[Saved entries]
◇ ◇ ◇ ◇ ◇ ◇ ◇

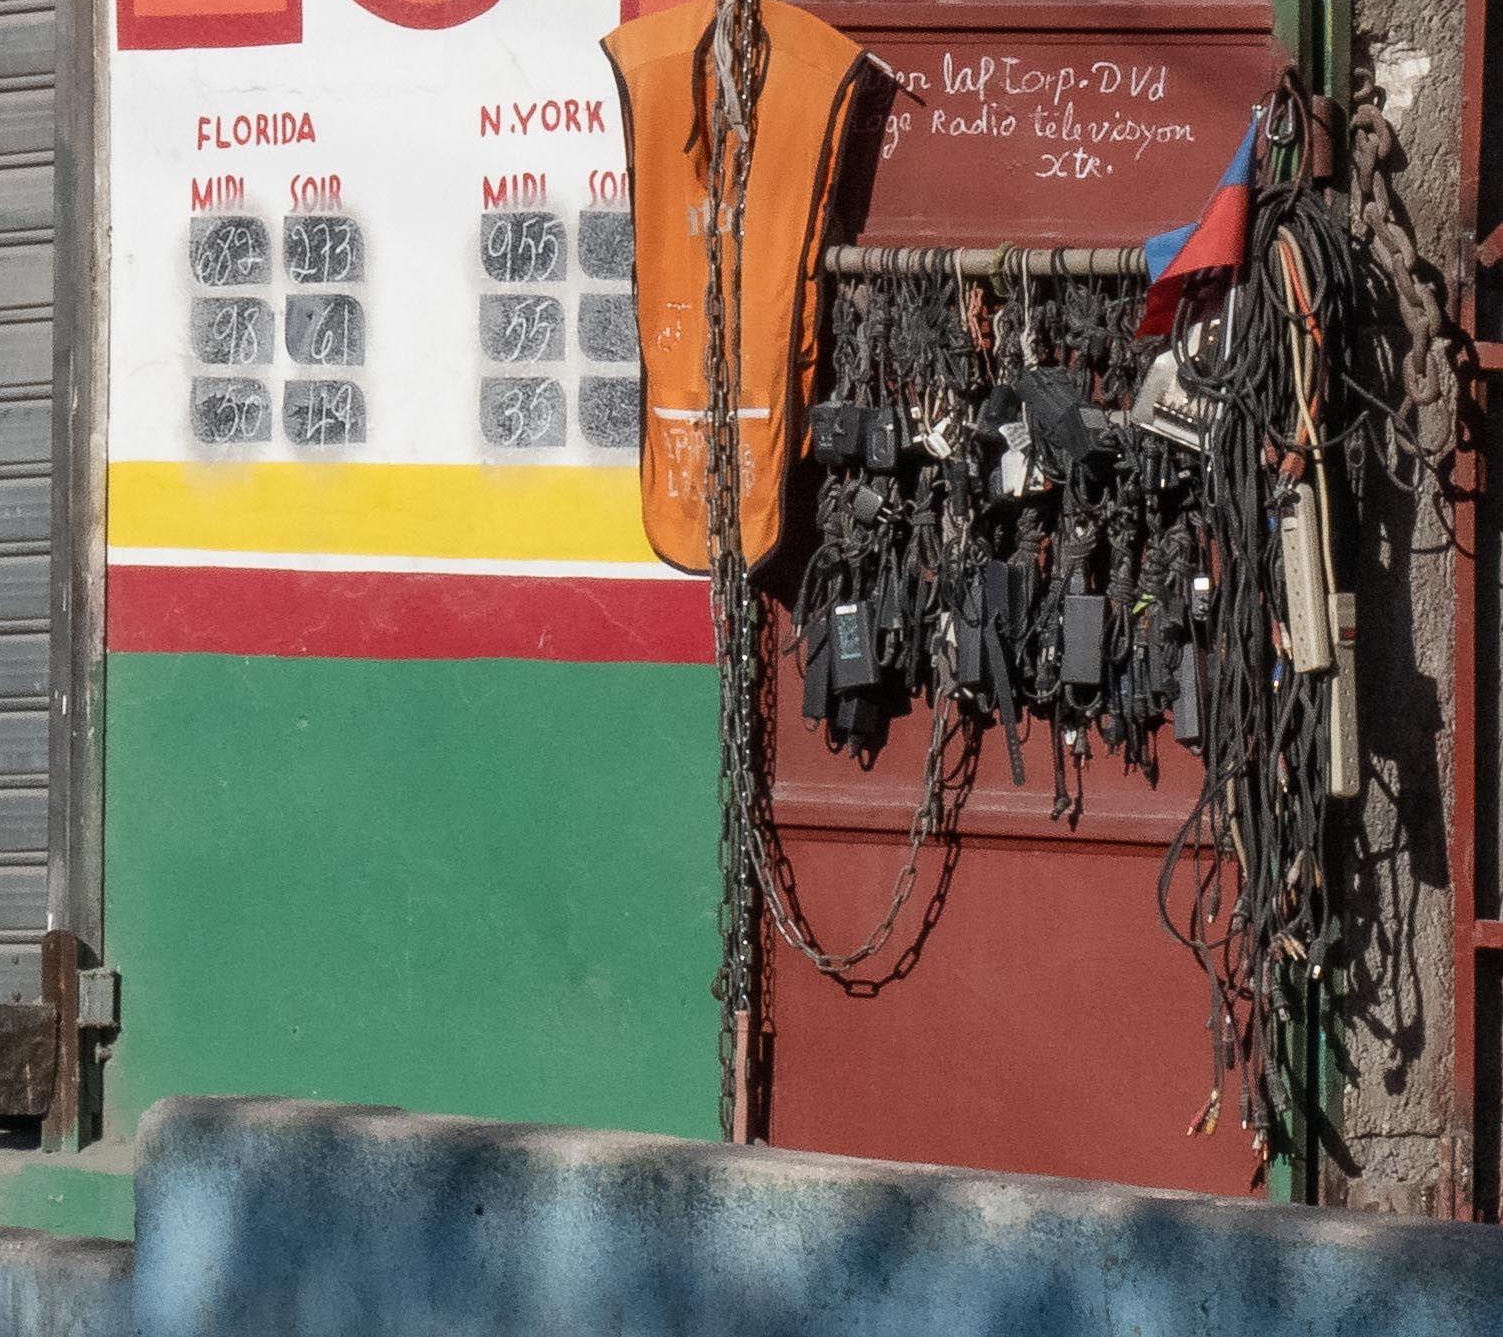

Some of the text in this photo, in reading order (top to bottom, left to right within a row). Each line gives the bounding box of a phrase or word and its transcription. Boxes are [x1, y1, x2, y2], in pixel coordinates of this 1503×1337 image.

[197, 112, 317, 151] FLORIDA
[191, 174, 343, 213] MIDI SOIR
[483, 169, 628, 210] MIDI SOI
[490, 216, 565, 280] 955
[213, 305, 259, 366] 98

◇ ◇ ◇ ◇ ◇ ◇ ◇

Images are to be excluded, and each record above written out word for word.

EXERCISE RESPONSE:
Some of the text in this photo, in reading order (top to bottom, left to right within a row). Each line gives the bounding box of a phrase or word and its transcription. Boxes are [x1, y1, x2, y2], in pixel coordinates of this 1503×1337 image.

[197, 112, 317, 151] FLORIDA
[191, 174, 343, 213] MIDI SOIR
[483, 169, 628, 210] MIDI SOI
[490, 216, 565, 280] 955
[213, 305, 259, 366] 98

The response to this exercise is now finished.